═════ Task data ═════

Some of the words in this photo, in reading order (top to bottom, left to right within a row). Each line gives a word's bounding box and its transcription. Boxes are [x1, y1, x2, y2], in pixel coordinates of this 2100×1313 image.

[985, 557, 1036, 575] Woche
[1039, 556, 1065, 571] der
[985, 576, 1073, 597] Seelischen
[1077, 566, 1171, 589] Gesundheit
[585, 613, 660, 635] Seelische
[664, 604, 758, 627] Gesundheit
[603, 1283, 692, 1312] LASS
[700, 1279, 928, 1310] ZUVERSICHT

═════

=== Exercise requirements ===
Transcribe the full set of records without altering a single character.

=== Solution to the problem ===
Some of the words in this photo, in reading order (top to bottom, left to right within a row). Each line gives a word's bounding box and its transcription. Boxes are [x1, y1, x2, y2], in pixel coordinates of this 2100×1313 image.

[985, 557, 1036, 575] Woche
[1039, 556, 1065, 571] der
[985, 576, 1073, 597] Seelischen
[1077, 566, 1171, 589] Gesundheit
[585, 613, 660, 635] Seelische
[664, 604, 758, 627] Gesundheit
[603, 1283, 692, 1312] LASS
[700, 1279, 928, 1310] ZUVERSICHT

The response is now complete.